This is a careful study on the physical-chemical mechanisms in which fluids interact with the protolith in a fault system, using the case of a secondary fault, which has been very well studied in the previous literature. Even if many of the processes had been previously defined, the novelty of the study is the direct determination of the redox properties and their variation with time due to the mineral reactions of fluids with the pelitic rocks. The Fe³⁺/Fe ratio is one of the weakest points of chlorite geothermometry, as justified by previous literature, due to the lack of adequate methods of in situ determination at the mineral grain level and severely affects the result of the determined temperature. The authors have used complex, expensive, and difficult-to-access XANES spectroscopy, which is one of the very few possibilities for solving this problem. In this way, they checked how the real value of the oxidation state of Fe in chlorite could have affected the apparent temperature differences and inferred real differences along the time and space of fluid redox. Even if the temperatures of formation were roughly known, knowledge of the real variation in the Fe oxidation state would have been impossible without the applied methodology.

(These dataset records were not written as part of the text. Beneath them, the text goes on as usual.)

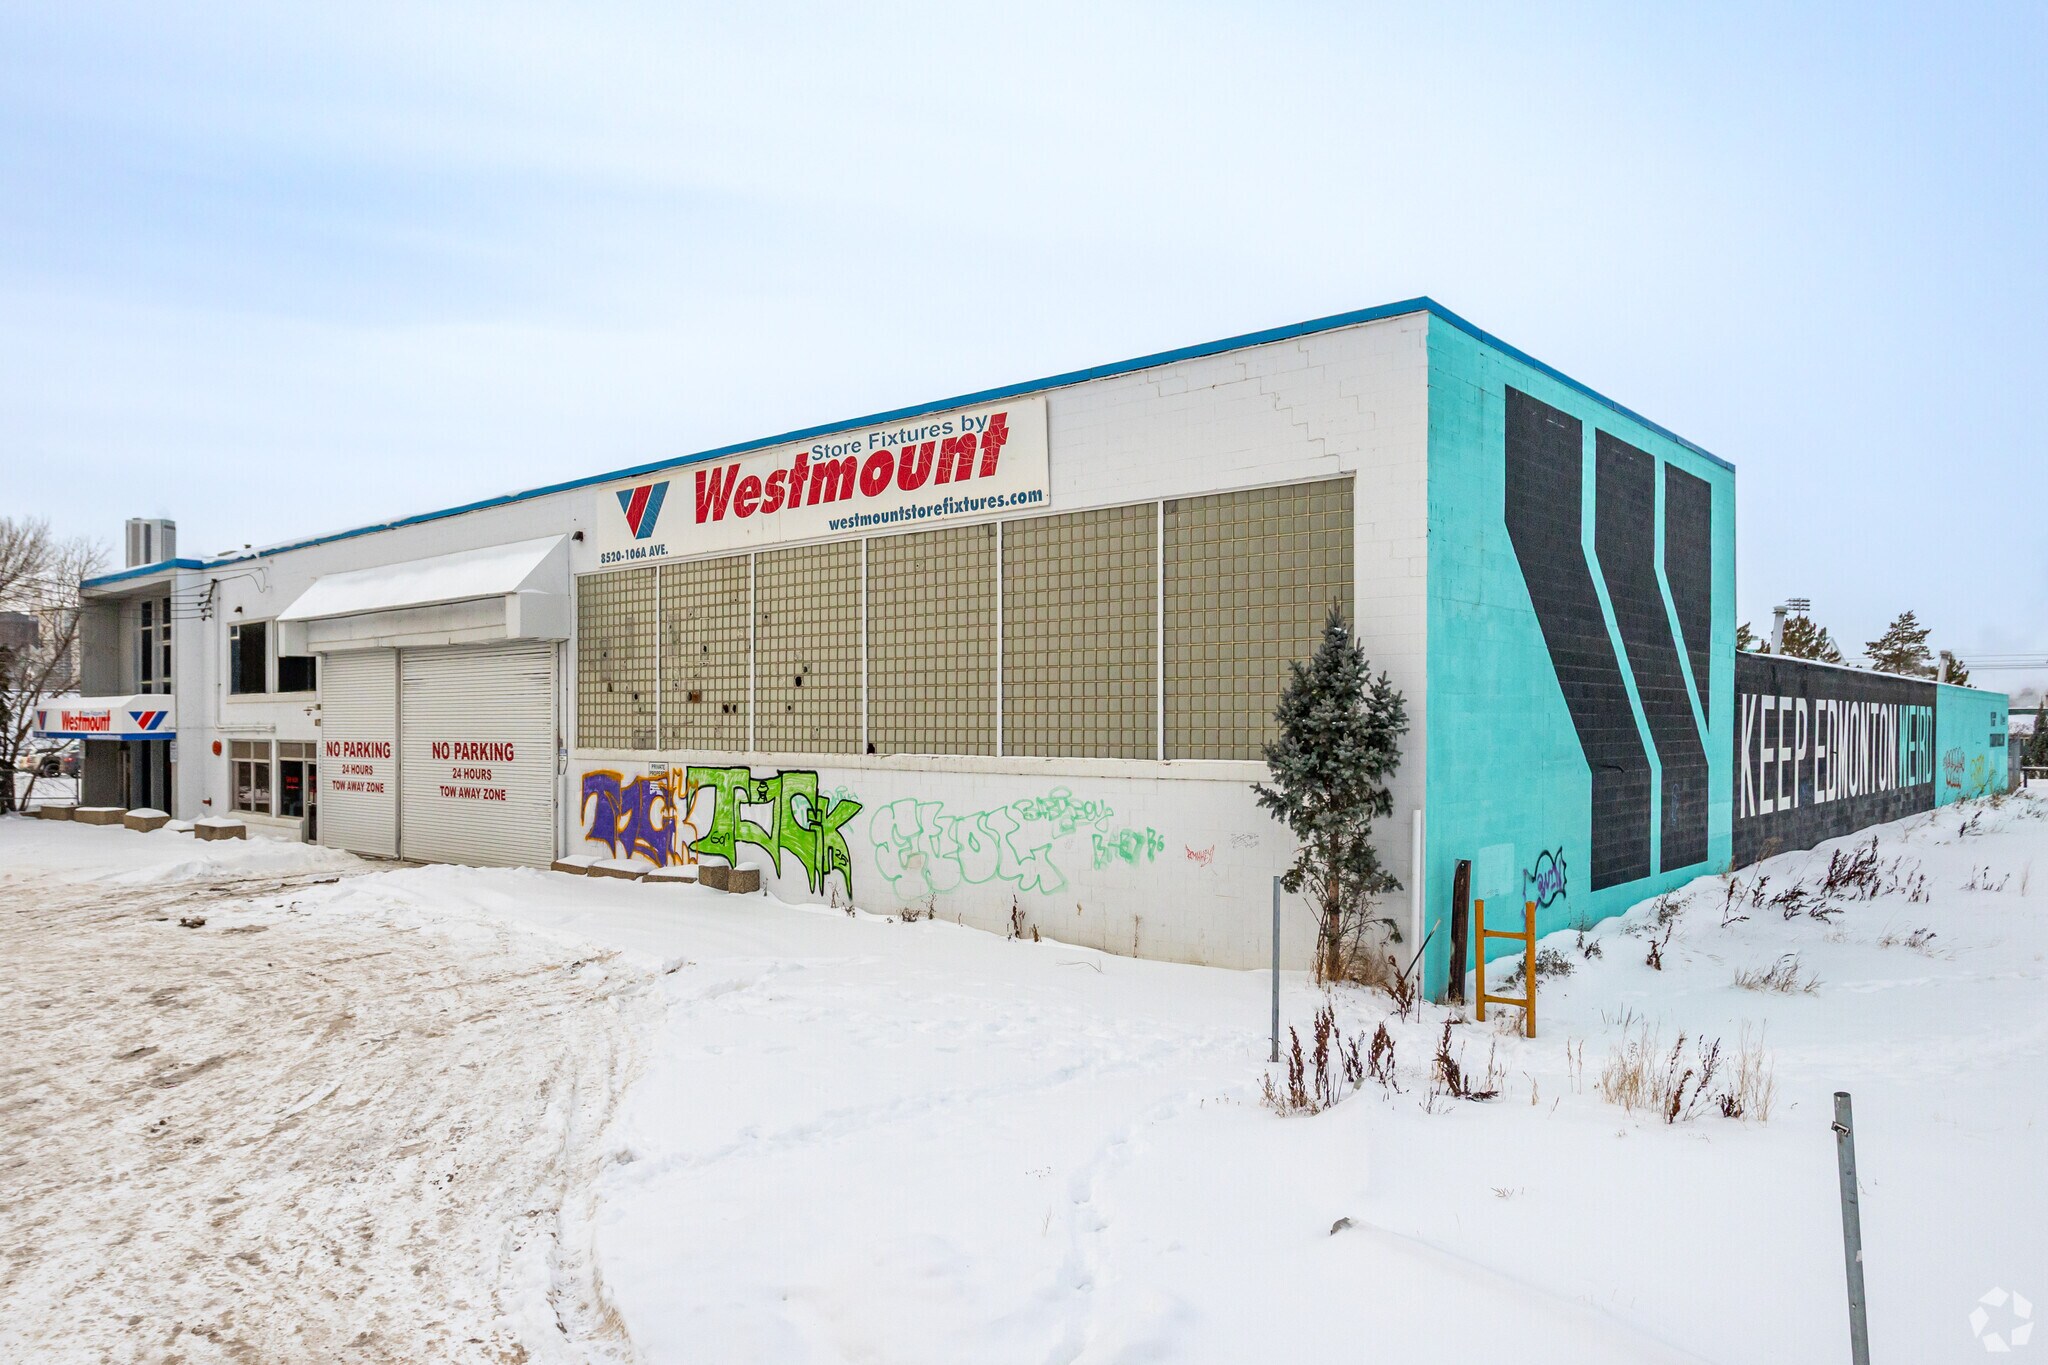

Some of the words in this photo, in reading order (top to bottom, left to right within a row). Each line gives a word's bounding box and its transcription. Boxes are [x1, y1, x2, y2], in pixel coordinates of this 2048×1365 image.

[811, 438, 862, 461] Store
[868, 423, 953, 450] Fixtures
[961, 414, 987, 432] by
[695, 412, 1009, 524] Westmount
[828, 488, 1043, 530] westmountstorefixtures.com
[600, 546, 647, 564] 8520-106A
[649, 543, 669, 557] AVE.
[61, 709, 111, 732] Westmount
[326, 741, 341, 757] NO
[343, 741, 391, 758] PARKING
[432, 741, 450, 760] NO
[454, 742, 514, 761] PARKING
[1740, 693, 1808, 819] KEEP
[1814, 698, 1898, 805] EDMONTON
[1898, 704, 1933, 789] WEIRD
[342, 764, 350, 774] 24
[351, 765, 374, 775] HOURS
[452, 767, 461, 779] 24
[463, 768, 492, 780] HOURS
[332, 780, 346, 791] TOW
[347, 781, 365, 792] AWAY
[366, 782, 385, 793] ZONE
[439, 785, 457, 798] TOW
[458, 786, 481, 799] AWAY
[483, 788, 506, 801] ZONE

Even if the textural analysis of the studied areas is excellent and the methods have been carefully applied, the presentation of the geothermometry results is confusing and lacks significant explanations. As the geothermometry of chlorite using a real value of the Fe oxidation state in chlorite is a significant novelty of the paper, this point should be fully solved before the manuscript is accepted.

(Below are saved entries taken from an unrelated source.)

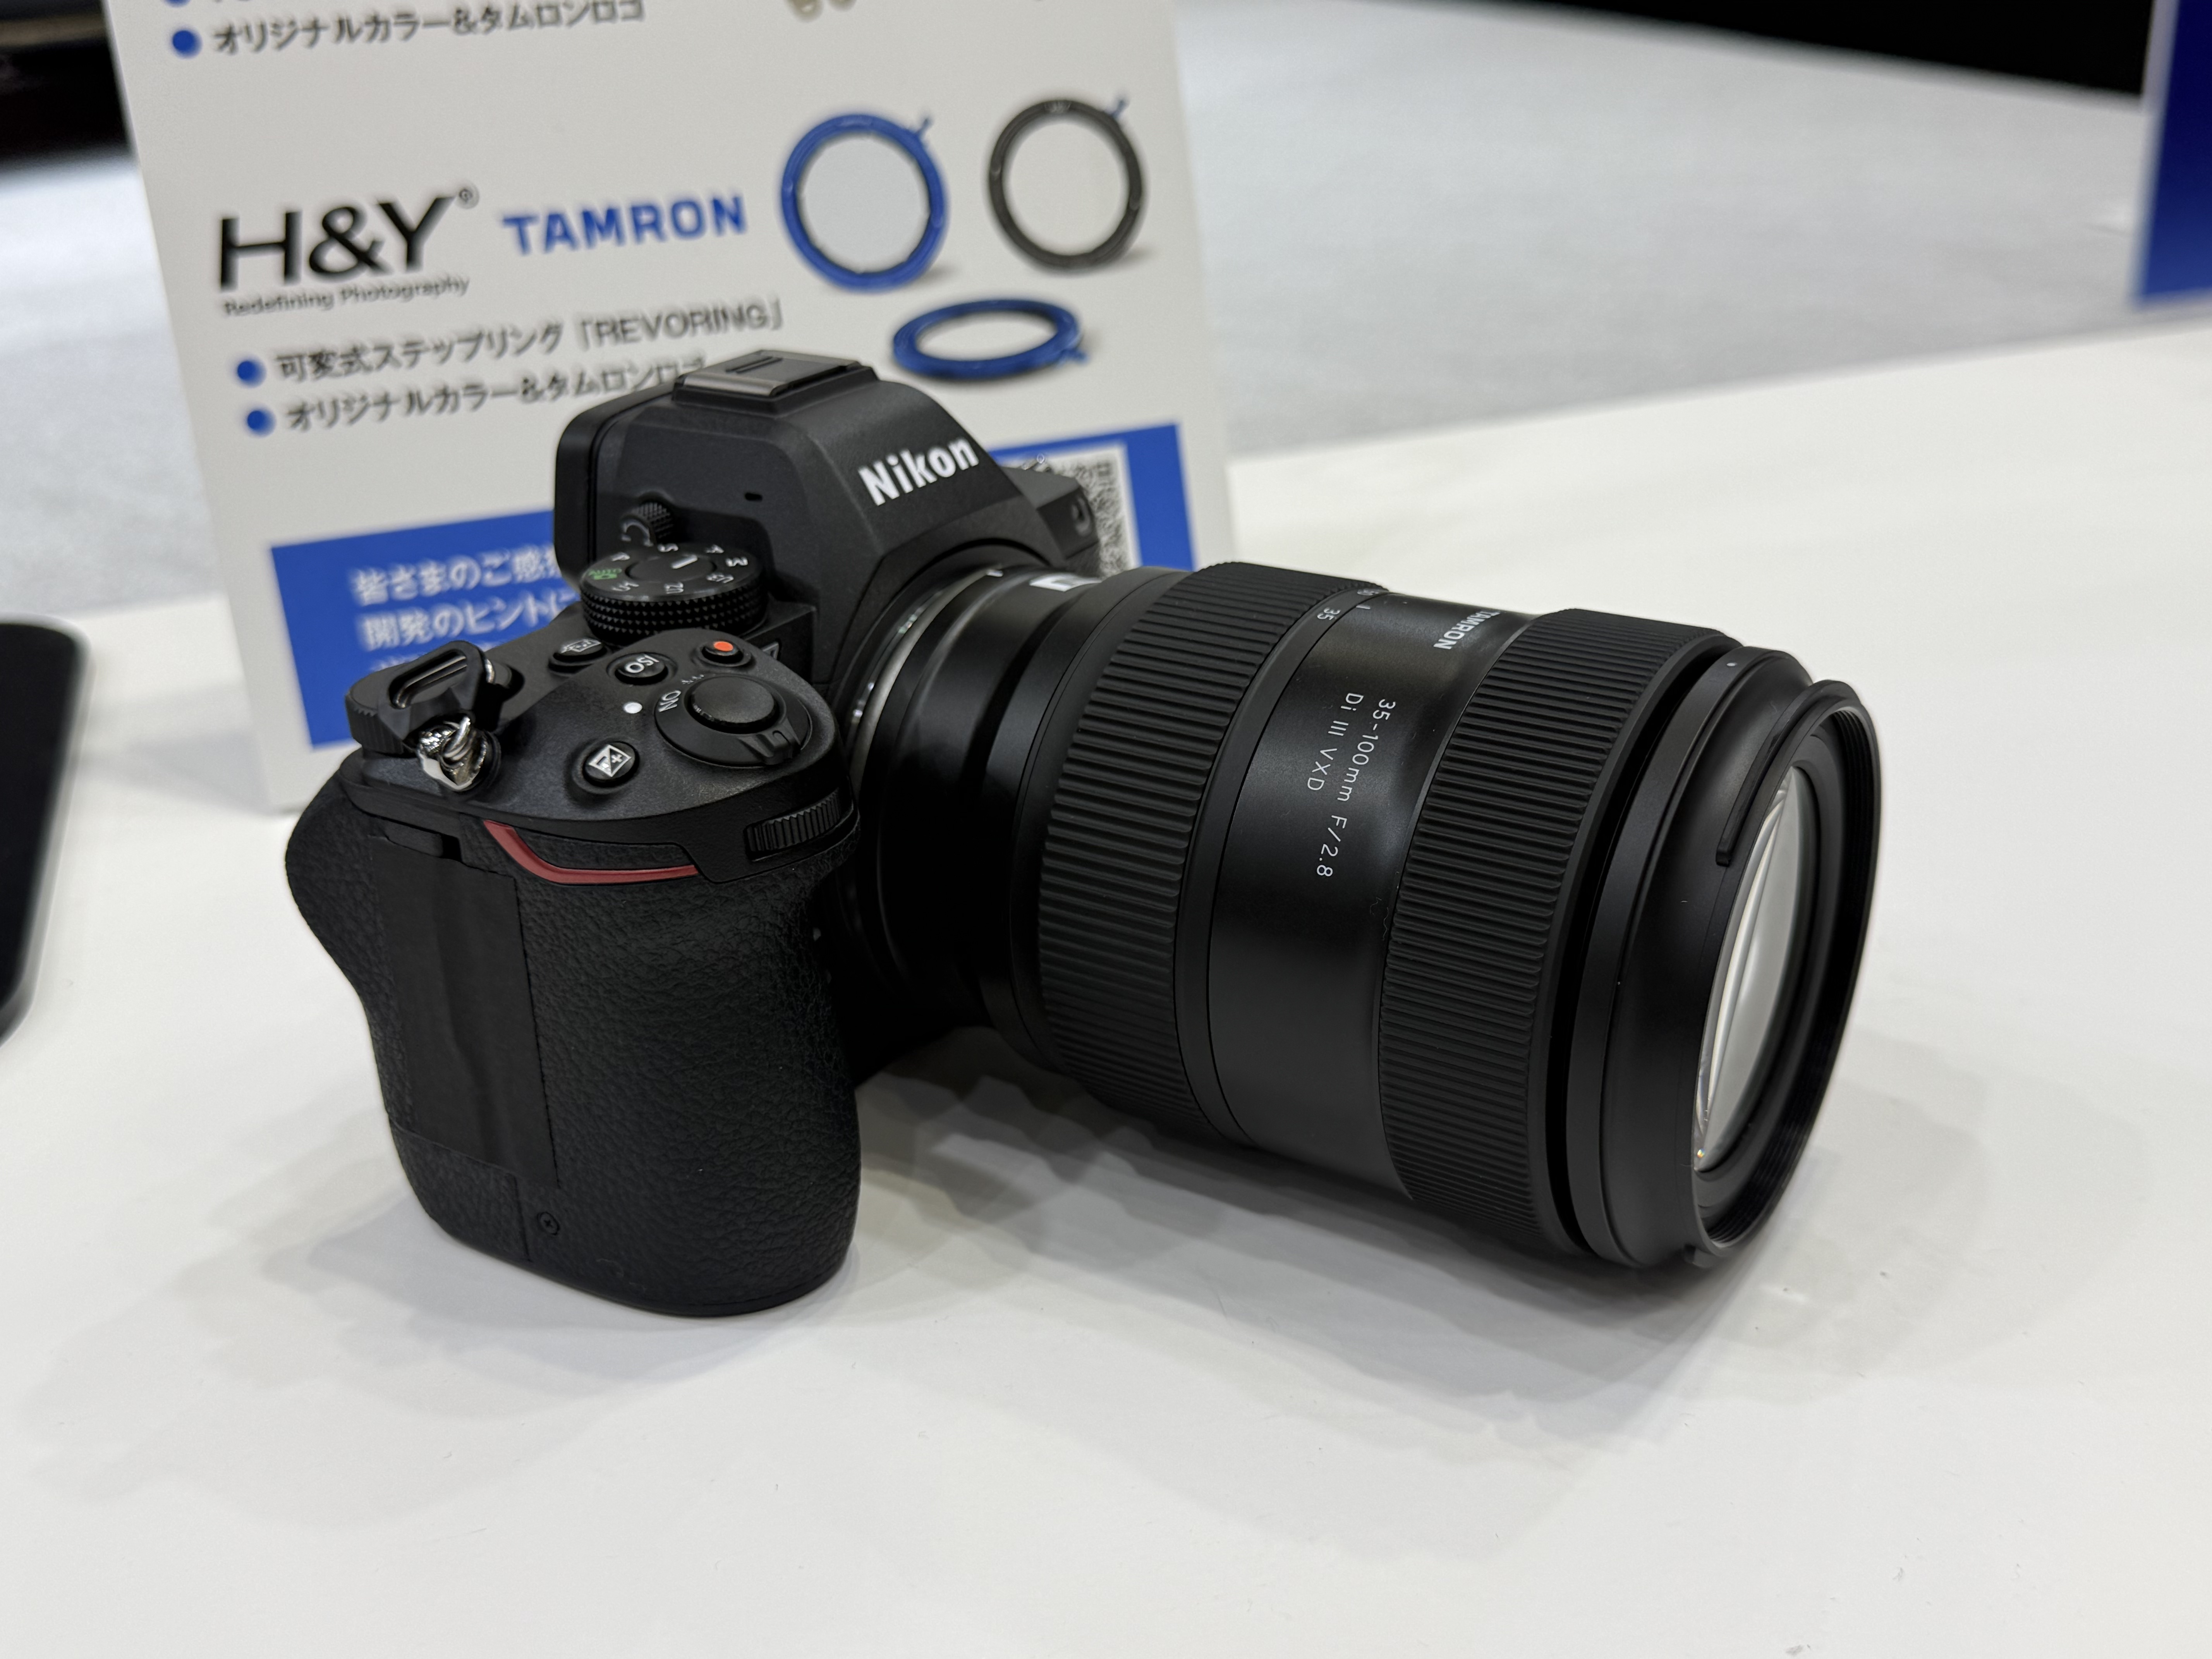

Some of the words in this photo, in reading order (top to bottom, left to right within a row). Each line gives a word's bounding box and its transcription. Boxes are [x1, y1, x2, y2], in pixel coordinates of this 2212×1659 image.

[501, 194, 747, 256] TAMRON
[224, 293, 335, 317] Redefining
[340, 275, 469, 304] Photography
[858, 437, 979, 506] Nikon
[1317, 607, 1341, 620] 35
[1433, 611, 1501, 650] TAMRON
[625, 654, 659, 673] ISO
[658, 690, 682, 713] ON
[1340, 692, 1364, 711] Di
[1328, 720, 1349, 736] III
[1307, 748, 1338, 791] VXD
[1337, 699, 1396, 802] 35-100mm
[1316, 815, 1348, 877] F/2.8

- There is a discrepancy between the description of the geothermometers used, as described in lines 350-352, and the presentation of the corresponding results in table S4. Its first column (T1) gives the Inoue´s temperatures, without the application of the Fe³⁺ data, without any explanation about the reason to be presented in this study, whose main interest is the determination of Fe³⁺. In fact, this point is contradictory with lines 351-352: “The latter two require knowledge of Fe³⁺/Fe^total”. Therefore, this sentence applies only to column T2 (not to T1). Column T3 (according to the caption of the table) includes both the Vidal´s and Lanari´s geothermometers, but they are different geothermometers. How do they produce a unique number? Which is more, Lanari´s geothermometer, according to the previous sentence in 351-352, requires the Fe³⁺/Fe data; from this sentence, we can deduce that the authors refers to Chl(1) geothermometer of Lanari, not to Chl(2) (never said in the text!), which does not need Fe³⁺. However, Vidal´s geothermometer does not require Fe³⁺knowledge, as correctly stated in the sentence. In fact, the last column (Modelled XFe³⁺) could have been calculated only using the Vidal´s geothermometer, if not, what is the origin of this column?

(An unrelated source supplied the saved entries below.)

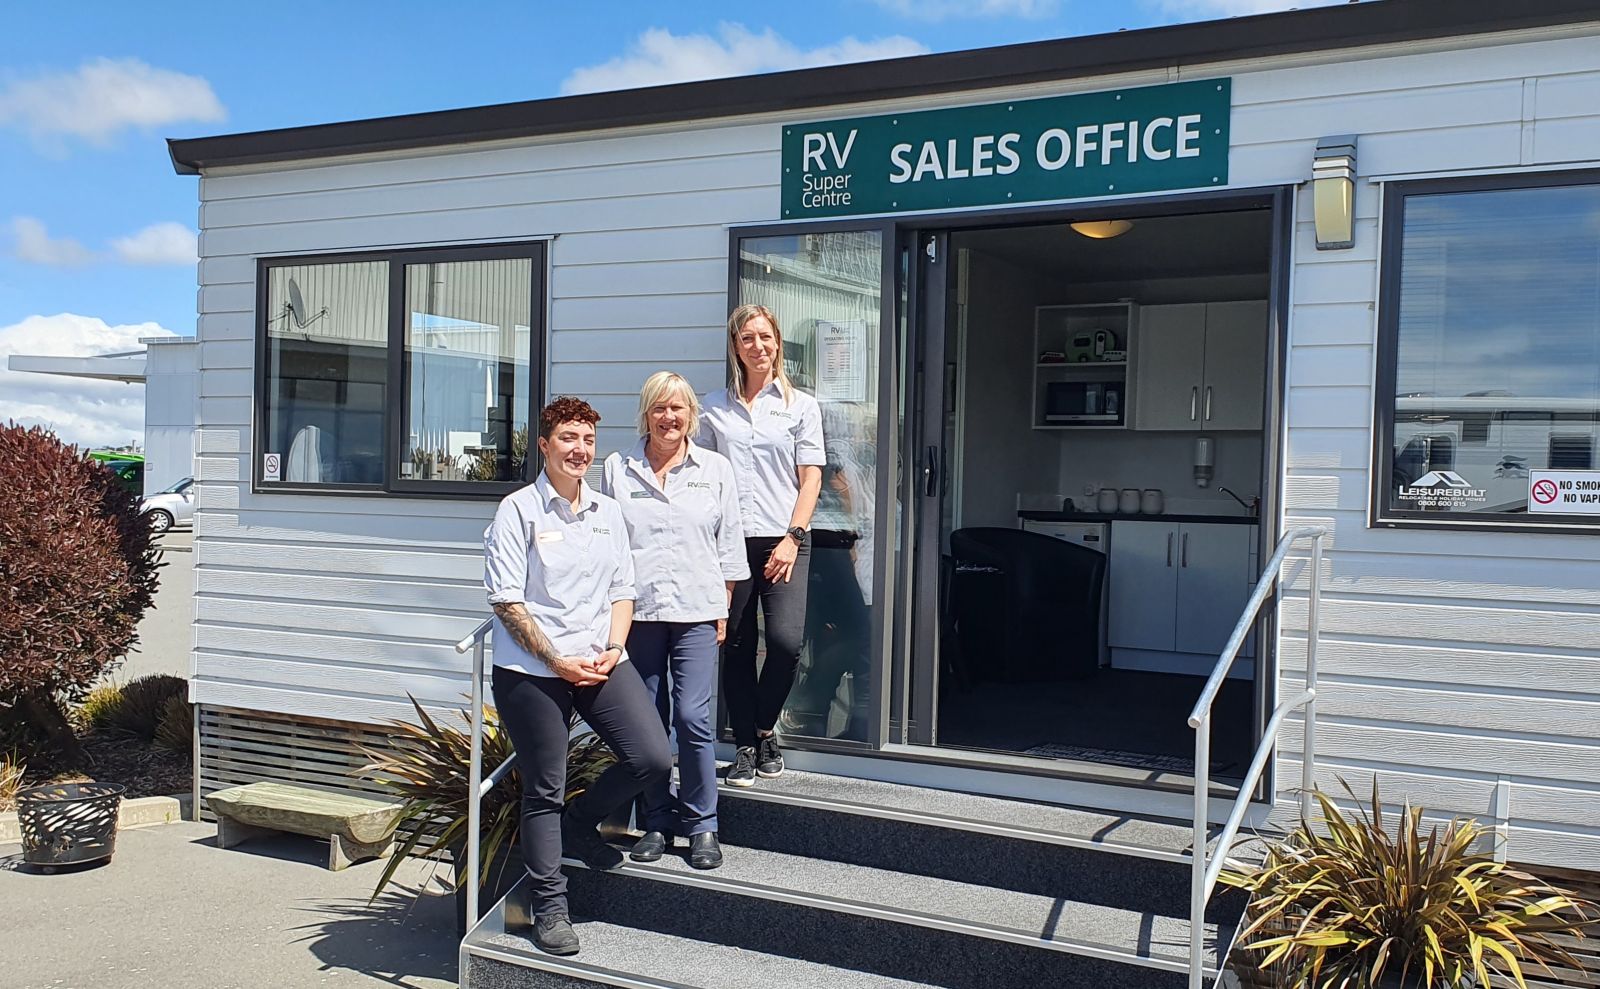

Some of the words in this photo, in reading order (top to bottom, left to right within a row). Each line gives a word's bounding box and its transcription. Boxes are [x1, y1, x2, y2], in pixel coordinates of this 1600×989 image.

[802, 129, 858, 172] RV
[889, 132, 1021, 184] SALES
[1036, 114, 1201, 171] OFFICE
[802, 173, 852, 195] Super
[802, 190, 852, 208] Centre
[1399, 485, 1487, 497] LEISUREBUILT
[1559, 480, 1573, 490] NO
[1563, 493, 1577, 503] NO

- After this confusing presentation, the authors represent in figure 9a, and use during all the discussion, the data coming from column T1, that is, the Inoue´s geothermometer without considering the Fe³⁺ data, just the main novelty of the paper. These temperatures are consequently different from those concluded in the corresponding chapter 4.4 of the results, which uses Fe³⁺ data. Moreover, this use of the Inoue´s geothermometer is not correct, according to the original paper.

- In lines 371-373, the authors claim “It can be observed that the XFe³⁺ values are always underestimated compared to those calculated by μ-XANES analyses, which can explain the underestimation of these calculated temperatures”. Right, this is a very important sentence in the paper and the reason why XANES determination justifies the study. Apparently, they refer to the previously cited column “Modelled XFe³⁺” in table S4, calculated using the Vidal´s geothermometer. This is because those Fe³⁺ values are operative data, necessary for the determination of the temperature, but probably not real values. This is a very important conclusion of the paper, but it is never explained or justified. In fact, for not expert readers, the sentence must be completely obscure, presented like an axiom.

- The opportunity to evaluate the effect of the lack of knowledge of Fe³⁺ on chlorite geothermometers is one of the strengths of this paper, but it has not been sufficiently developed. It would have been very interesting to compare the results with those of semi-empirical geothermometers that use an average Fe³⁺ of natural chlorites (implicit in the used databases of natural cases). Both Bourdelle´s and Inoue(2018)´s thermometers are valid in this range of temperatures, but they have not been calculated in the study.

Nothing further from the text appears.